-------- Information provided --------

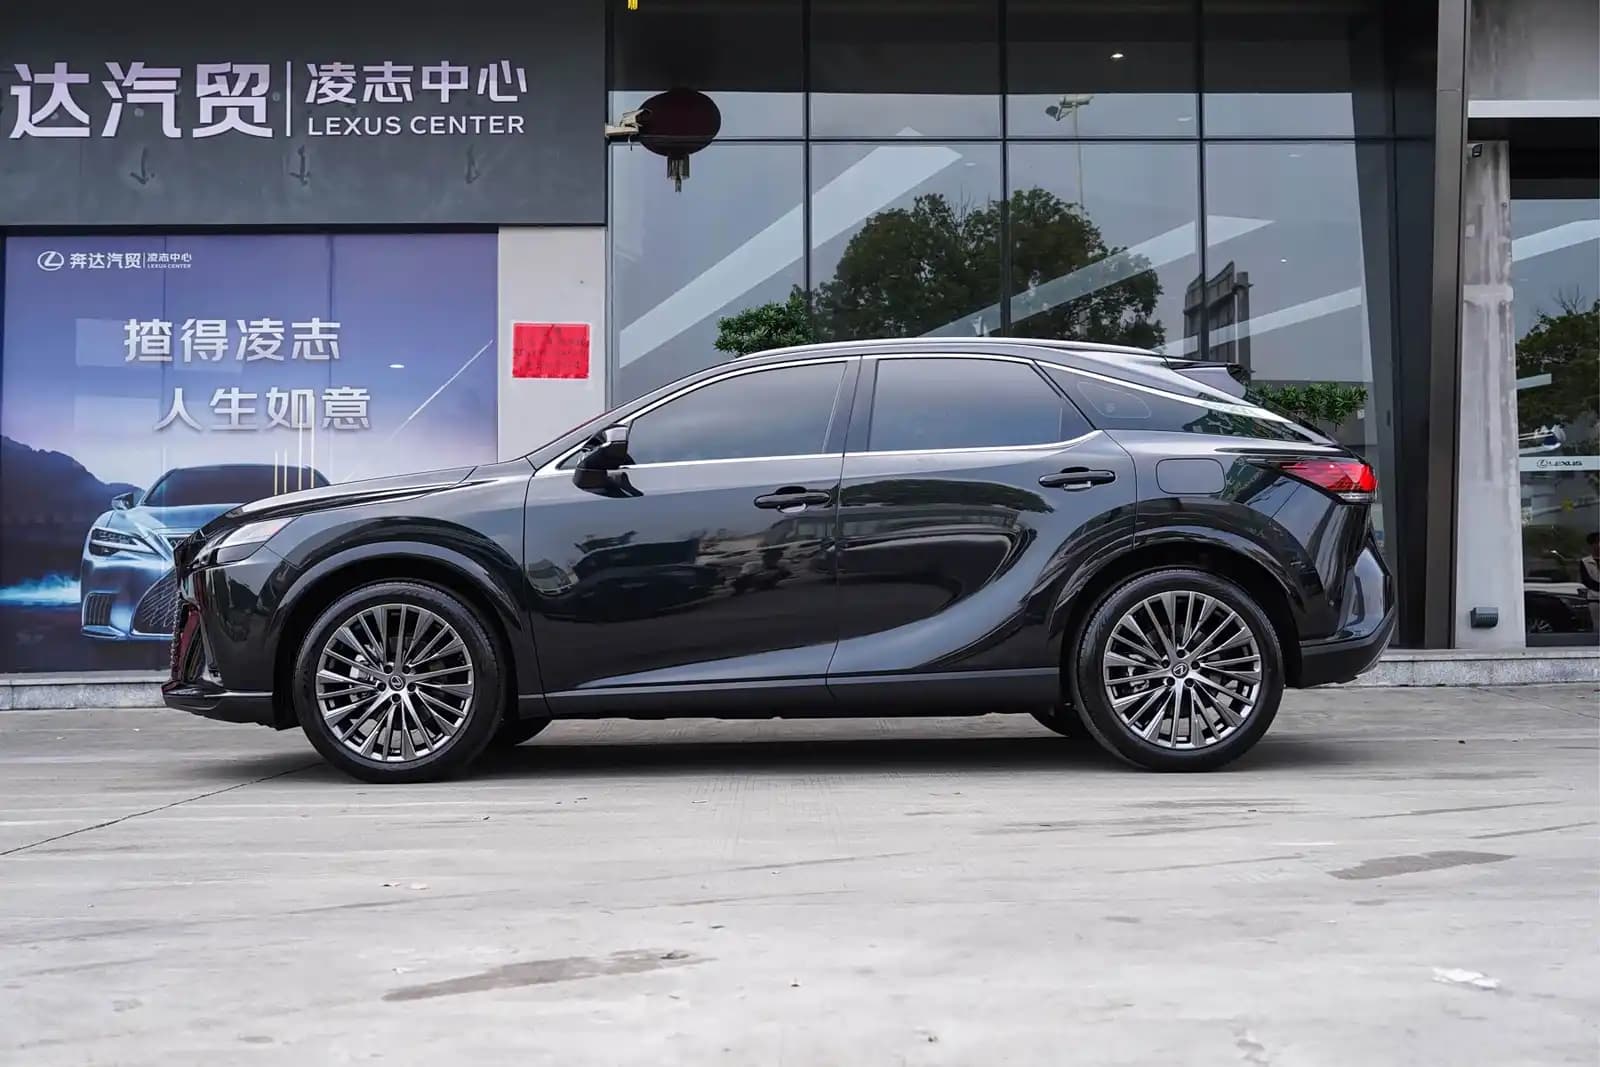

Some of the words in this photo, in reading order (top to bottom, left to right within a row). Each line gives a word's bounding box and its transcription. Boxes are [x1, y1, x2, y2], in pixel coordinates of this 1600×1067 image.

[9, 61, 273, 138] 达汽贸
[305, 60, 528, 104] 凌志中心
[308, 116, 401, 136] LEXUS
[409, 115, 525, 135] CENTER
[70, 252, 142, 269] 奔达汽贸
[147, 252, 192, 263] 凌志中心
[124, 317, 341, 362] 揸得凌志
[153, 386, 371, 431] 人生如意

--------

| Exercise details |
Return the records exactly as they stand, and drop every picture.

| Result |
Some of the words in this photo, in reading order (top to bottom, left to right within a row). Each line gives a word's bounding box and its transcription. Boxes are [x1, y1, x2, y2], in pixel coordinates of this 1600×1067 image.

[9, 61, 273, 138] 达汽贸
[305, 60, 528, 104] 凌志中心
[308, 116, 401, 136] LEXUS
[409, 115, 525, 135] CENTER
[70, 252, 142, 269] 奔达汽贸
[147, 252, 192, 263] 凌志中心
[124, 317, 341, 362] 揸得凌志
[153, 386, 371, 431] 人生如意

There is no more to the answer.